Change sensitivity and between-group discrimination have been demonstrated in a 5-year longitudinal prospective study of patients treated with ULT.8 In this study, the velocity of tophus reduction was measured by analysing the time from baseline to complete resolution of the index tophus (reported as mm/month), with an effect size of 1.83. This measure strongly correlated with intensity of urate lowering (r=−0.62, p<0.05). Compared with allopurinol alone, benzbromarone alone or combination treatment of benzbromarone and allopurinol also led to greater velocity of tophus reduction, p<0.01.8
Digital photography for measurement of subcutaneous tophus size
A method of computer-assisted digital photographic assessment of subcutaneous tophus size has recently been described (supplementary figure S1).7 This method has shown sensitivity to change and between-group sensitivity7; following treatment with pegloticase for 6 months, 37% of those who consistently achieved serum urate of <6 mg/dl achieved complete resolution of tophi using this method, compared with 13% of those with higher serum urate concentrations (p=0.0002). Pegloticase treatment (8 mg every 2 weeks) was also associated with higher rates of complete resolution than placebo (p=0.006). Effect size has not been reported.
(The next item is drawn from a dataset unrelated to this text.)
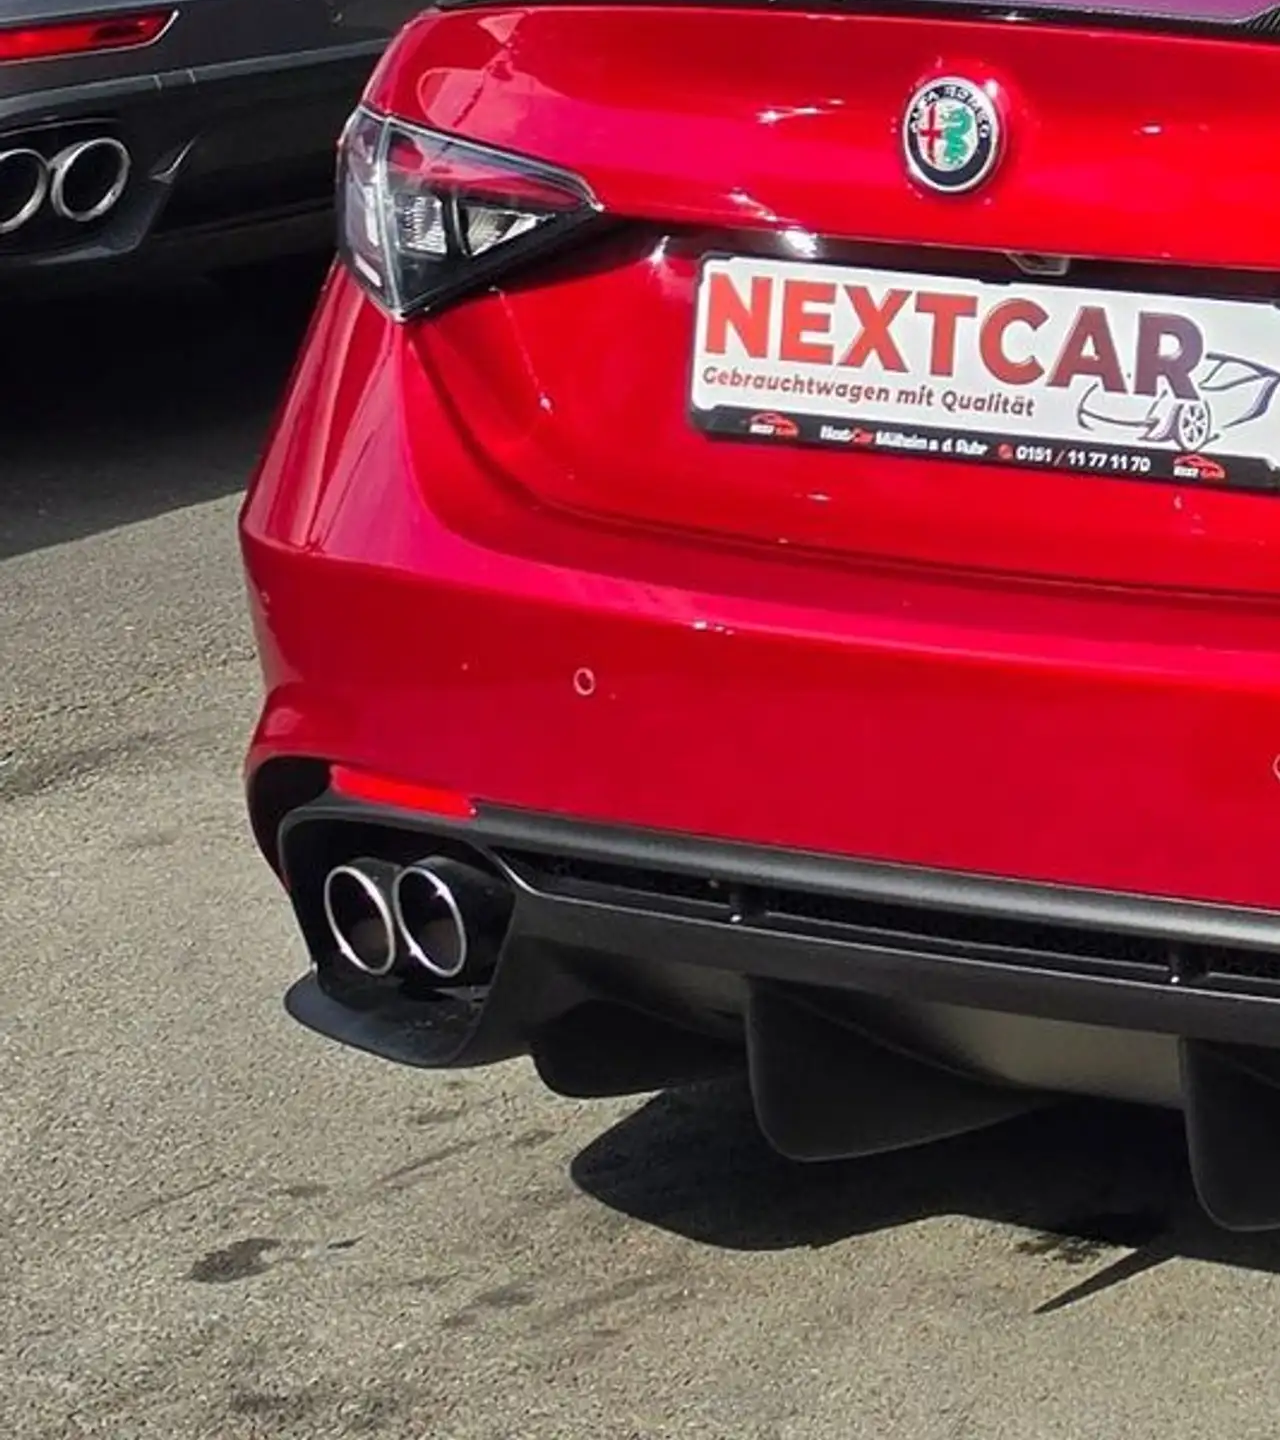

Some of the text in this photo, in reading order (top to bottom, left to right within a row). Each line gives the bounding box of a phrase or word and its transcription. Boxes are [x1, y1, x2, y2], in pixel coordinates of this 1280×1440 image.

[704, 271, 1205, 402] NEXTCAR
[702, 366, 1035, 417] Gebrauchtwagen mit Qualität
[1015, 445, 1053, 462] 0151
To date, intraobserver, interobserver and test–retest reproducibility have not been reported. Furthermore, some limitations of this method have been suggested; assessment of a three-dimensional lesion using two-dimensional images may not be ideal, and some difficulty identifying borders of resolving lesions has also been described.7
US for measurement of tophus size
Tophi are identified on US as hypoechoic to hyperechoic inhomogeneous material surrounded by a small anechoic rim (figure2).17 Tophus size can be reported as longest diameter and total volume.9 The properties of US as a tool for tophus measurement have been reported.9 US detected 37/41 (90%) of tophi detected by MRI. There was a strong relationship between longest tophus diameter measured by US and MRI (r2=0.65). Puncture of nodules suspected to be tophi on US recovered MSU crystals in 83% of procedures. Intraobserver ICCs were >0.90 for diameters and volume, and 0.71 to 0.83 in comparisons between observers.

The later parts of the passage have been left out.